Give back the records below verbatim, please, but without a single image.

*** Data listing ***

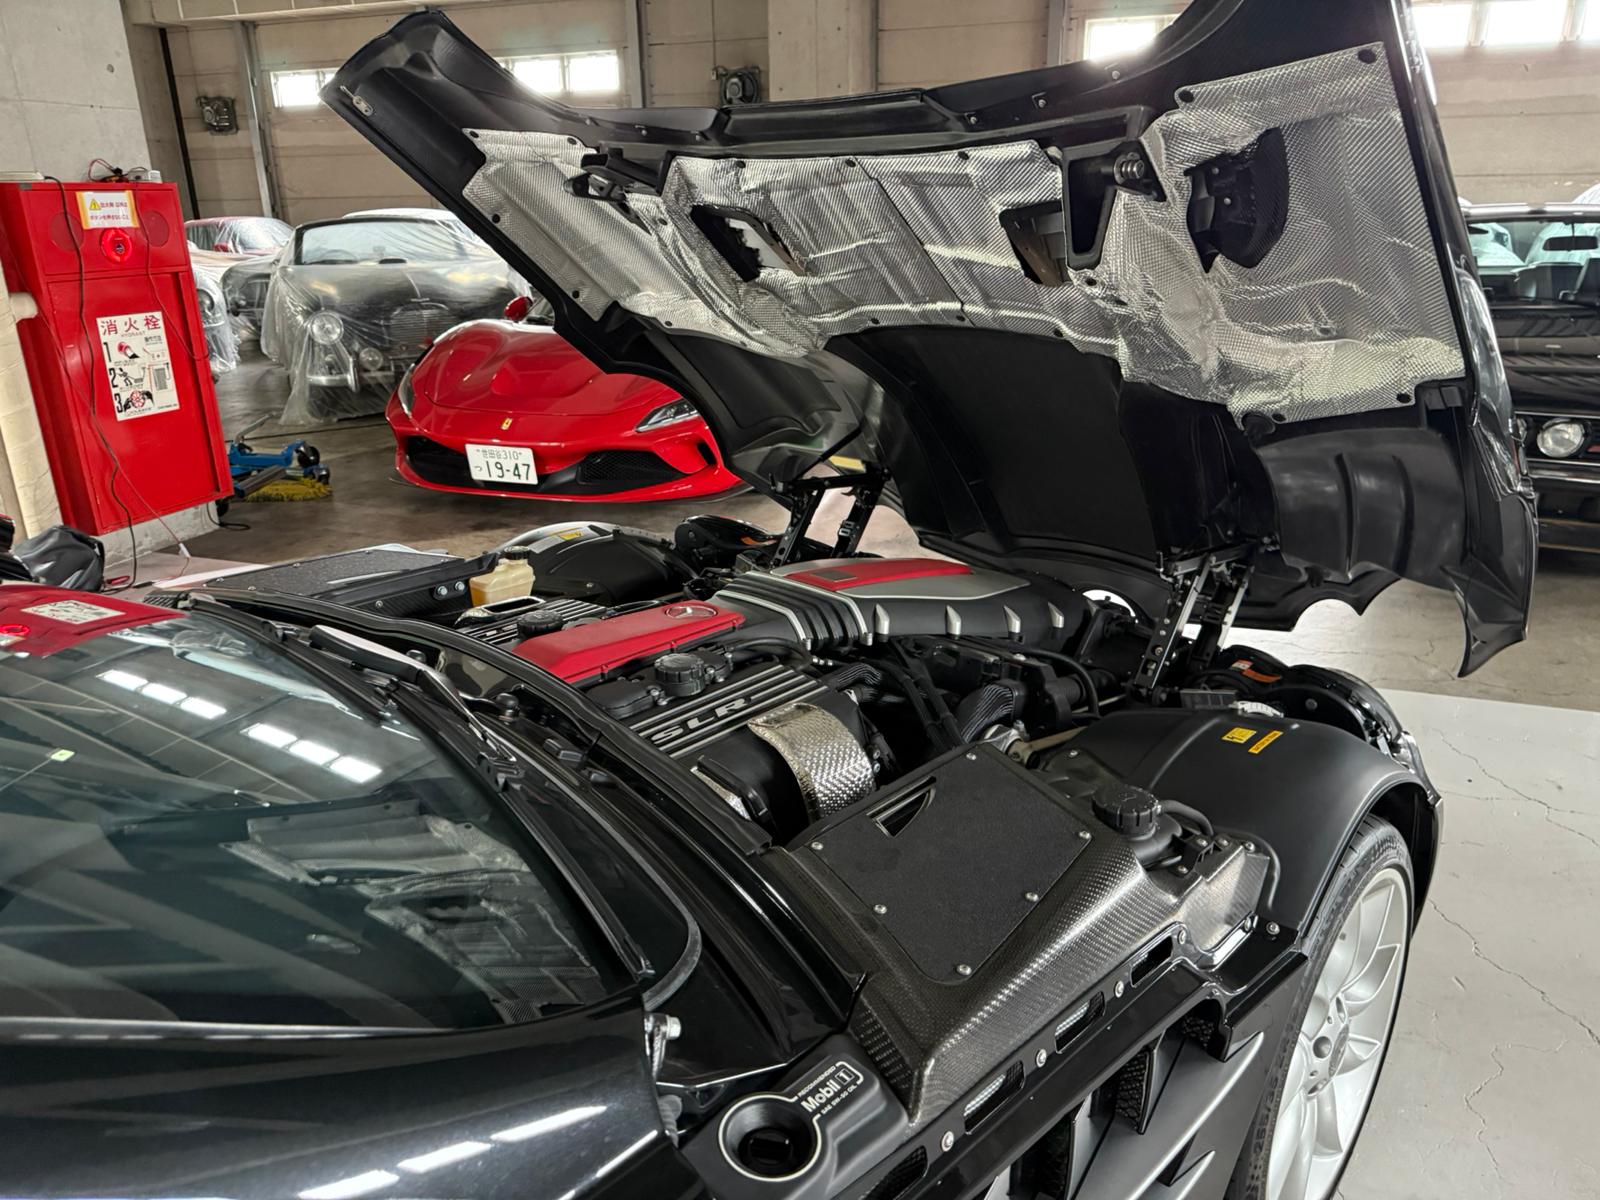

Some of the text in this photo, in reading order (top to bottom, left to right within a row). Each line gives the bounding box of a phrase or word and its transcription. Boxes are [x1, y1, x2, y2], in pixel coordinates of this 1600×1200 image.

[100, 314, 161, 336] 消火栓
[103, 341, 112, 362] 1
[109, 367, 118, 388] 2
[114, 393, 123, 413] 3
[486, 460, 531, 481] 19-47
[651, 698, 748, 745] SLR
[801, 1079, 841, 1112] Mobil
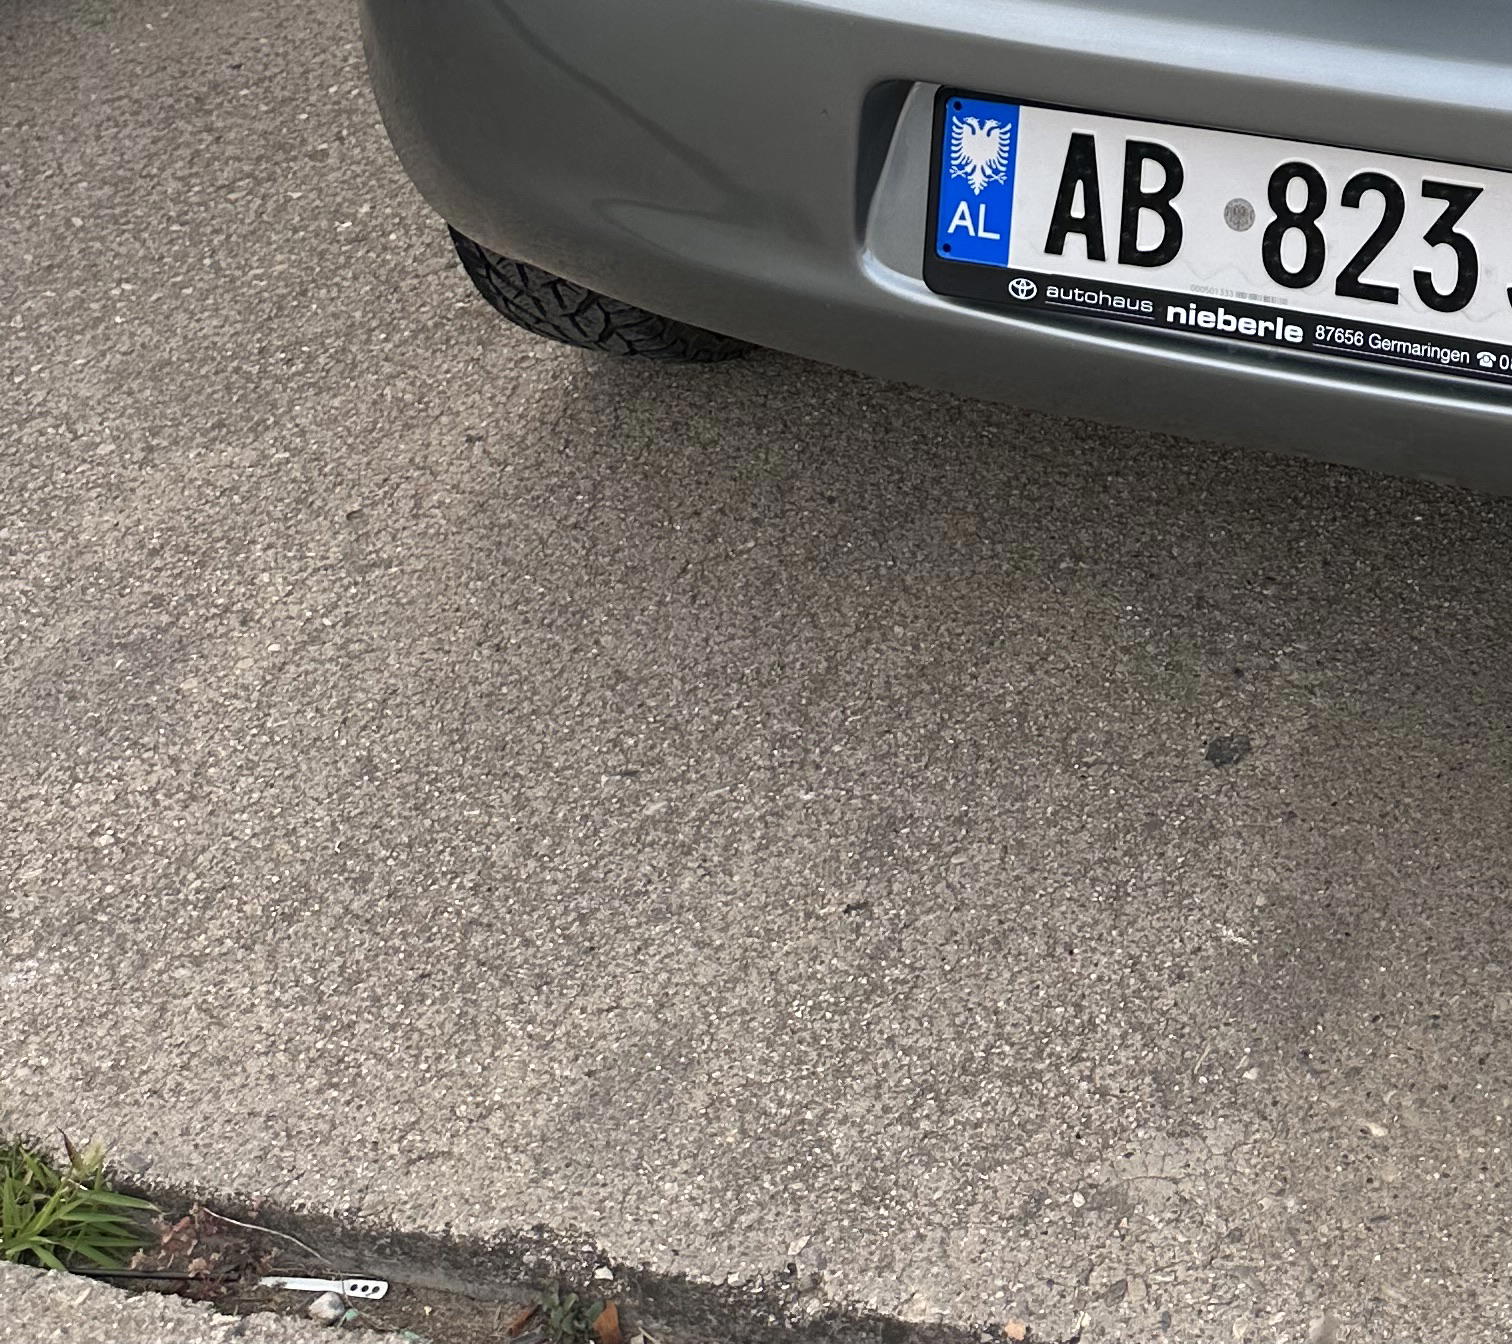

*** End of Data listing ***

* **Exercise output**:
Some of the text in this photo, in reading order (top to bottom, left to right within a row). Each line gives the bounding box of a phrase or word and its transcription. Boxes are [x1, y1, x2, y2], in pixel coordinates of this 1600×1200 image.

[100, 314, 161, 336] 消火栓
[103, 341, 112, 362] 1
[109, 367, 118, 388] 2
[114, 393, 123, 413] 3
[486, 460, 531, 481] 19-47
[651, 698, 748, 745] SLR
[801, 1079, 841, 1112] Mobil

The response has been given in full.